(INPUT)
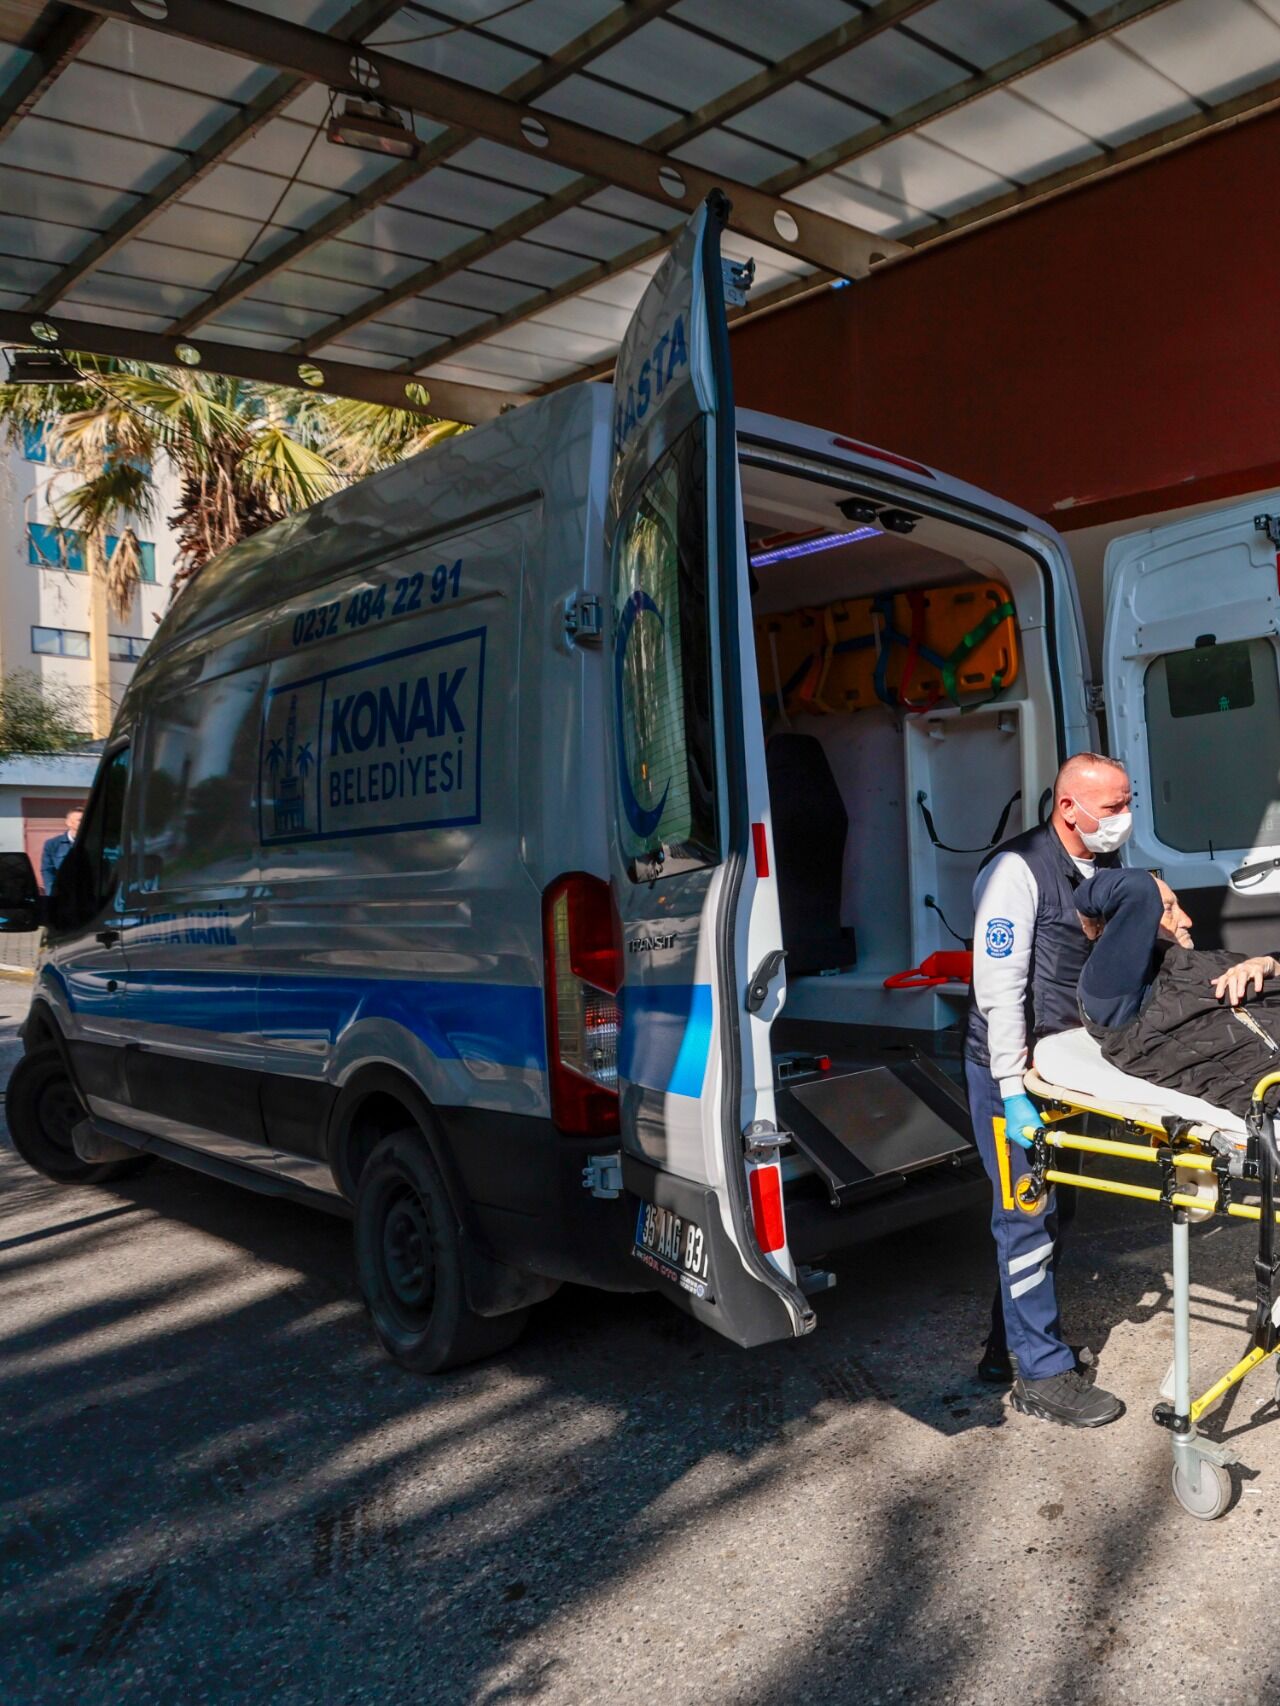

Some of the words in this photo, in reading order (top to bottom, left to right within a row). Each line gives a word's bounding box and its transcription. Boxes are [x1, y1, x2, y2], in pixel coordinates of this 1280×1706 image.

[292, 601, 341, 646] 0232
[345, 583, 387, 628] 484
[392, 571, 424, 616] 22
[430, 558, 463, 604] 91
[330, 667, 467, 757] KONAK
[329, 736, 463, 808] BELEDİYESİ
[629, 932, 677, 952] TRANSIT
[642, 1204, 656, 1247] 35
[658, 1212, 681, 1262] AAG
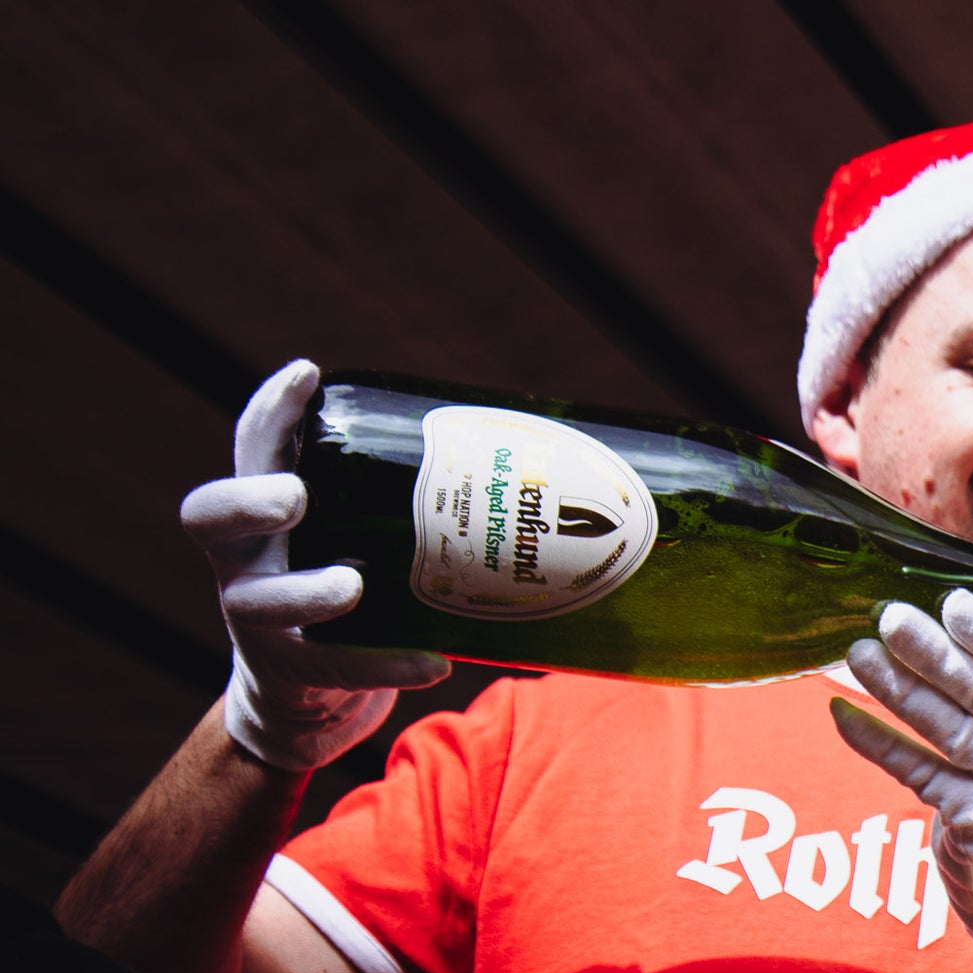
(End INPUT)
▸ **PROBLEM DETAILS**
Every line of the data above is to be set down word for word, with the pictures left out.

▸ **YOUR SOLUTION**
Some of the words in this photo, in reading order (top to bottom, left to right within a row). Each line gives a word's bounding box and its transcription. Boxes are [x1, y1, x2, y2], in pixel coordinates of this 1280×1706 image.

[292, 601, 341, 646] 0232
[345, 583, 387, 628] 484
[392, 571, 424, 616] 22
[430, 558, 463, 604] 91
[330, 667, 467, 757] KONAK
[329, 736, 463, 808] BELEDİYESİ
[629, 932, 677, 952] TRANSIT
[642, 1204, 656, 1247] 35
[658, 1212, 681, 1262] AAG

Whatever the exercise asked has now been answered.